[ハリウッド・メディア通信] ミュージカル・クライムドラマ 仏出品、スペイン語映画『Emilia Perez (原題)』の女優たち
人生より大きなプロジェクトー仏作曲作詞家、カミール 談
映画『レミーのおいしいレストラン』(2007) 、『リトルプリンス 星の王子さまと私』 (2015) 、 レオス・カラックスのロックオペラ『アネット』(2020)やアニメーション作品『リンダはチキンがたべたい!』(2023) の音楽も手掛ける作曲チーム、カミールとクレモン・デュコル。
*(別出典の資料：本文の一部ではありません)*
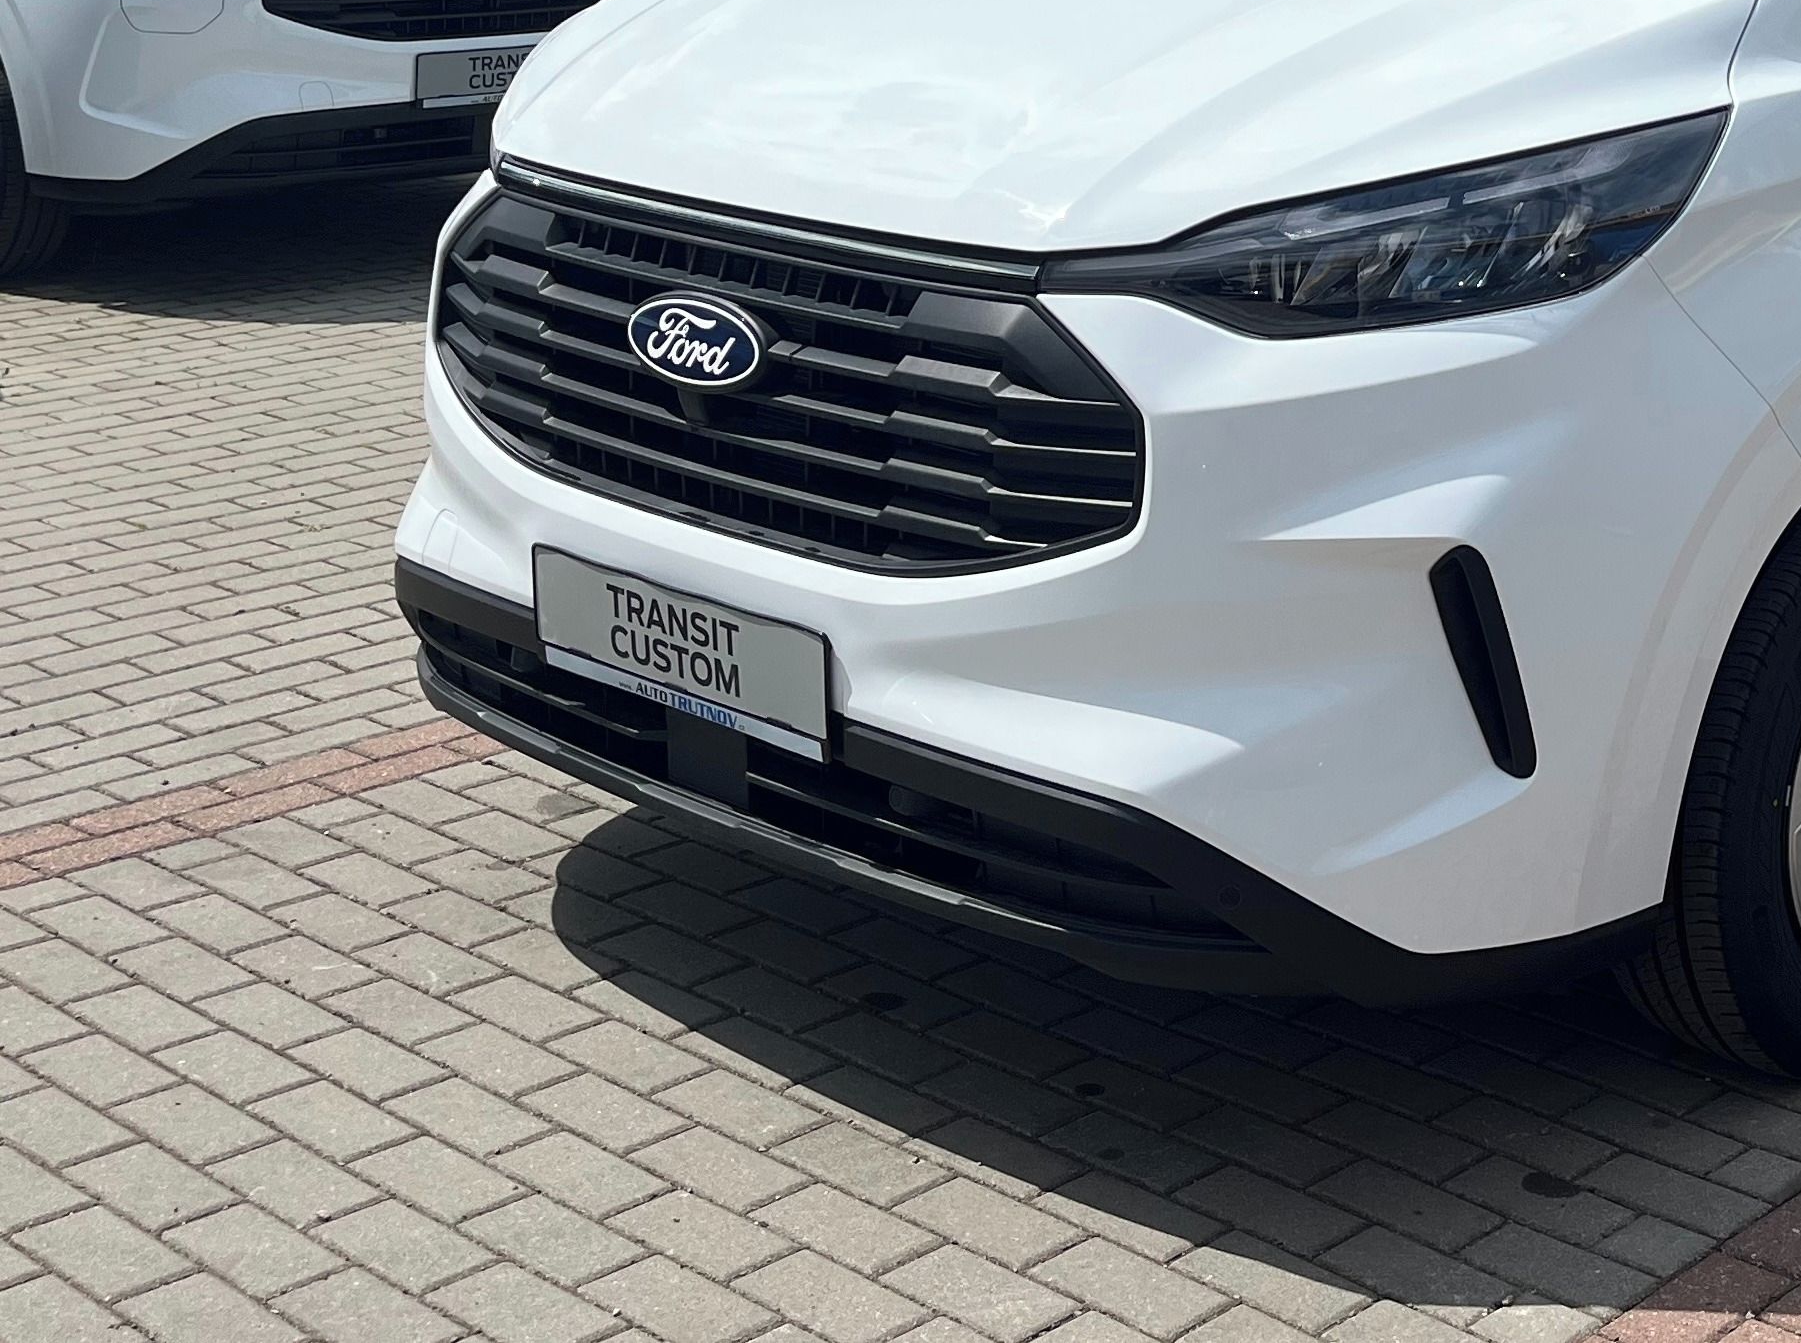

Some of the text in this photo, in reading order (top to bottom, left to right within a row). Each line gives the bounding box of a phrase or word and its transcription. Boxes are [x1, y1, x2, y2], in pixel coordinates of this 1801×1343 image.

内面の思いと感情を映し出す楽曲は、監督が「15ページの脚本が1曲にまとまった」と喜んだほどで、映画では16楽曲がまさにオペラのように、歌からはじまり、歌で閉めくくるような構成になっている。カミーユ&デュコルは、2020年の1月にオーディアール監督から依頼されて以来、約2年間かけて作詞作曲。4人の登場人物の配役が決まってからは、より鮮明に、それぞれの女性たちの個性が明確になっていったそうだ。 ゾーイ演じる弁護士リタ役はどちらかというと、ラッパーやハードロック・シンガーのような存在で、メキシコの情熱をカラフルな色で描くような楽曲。ガスコン演じるエミリア役は感情豊かで、親密かつ、どこか自虐的な切ない楽曲。麻薬カルテルのボス、マニタスの元妻ジェシーの楽曲も格別。演じたのは若手人気歌手として有名になったものの、自己免疫障害などを患い、休業していた時期もあったが、現在はキャリアの幅を広げて女優業に力を入れているセレーナ・ゴメス。ジェシーという役どころは、カルテルのボスに愛されて2人の子供に恵まれた若い母親。実際は、彼女の人生に自由はなく、ボスによって人生を決められてきた、籠の中の鳥のような存在。本当の愛に飢え、その欲望の影に抑え続けてきた怒りがあることが分かる楽曲が用意された。 オーディアール監督は、セレーナ・ゴメスのドキュメンタリー映画『セレーナ・ゴメス: My Mind & Me』(2022)を見て、脚本にあるジェシー像を、デリケートで苦悩に耐えてきた存在として詳細に書き換えたそうだ。セレーナ・ゴメスの歌うシーンも見事で、撮影も、カメラの動きで主人公を描くかのように、生々しさを感じる照明を設置。ジェシーの悪夢がその歌と踊りから分かるようなシチュエーションでスタイリッシュに撮影されている。アカデミー賞ショートリストにも入っている「Mi Camino」という楽曲をカラオケで歌うシーンは、18テイク撮ったなかで、カットなしの生の歌声が使われているそうで、記者会見では恥ずかしそうに監督のリアリティへのこだわりを語っていた。 チームでとった主演女優賞、4人目を担ったのはメキシコ人女優として活躍している女優アドリアーナ・パス。エミリアの人生を変える女性エピファニア役の楽曲は、民衆の価値観や生活から生まれたような暖かい要素がこめられていて、主人公エミリアが生まれ変わって巡り会う幸せを象徴するデュエットの旋律もまた美しく、音楽と一体になったこの映画は始まりから終わりまで躍動感に溢れている。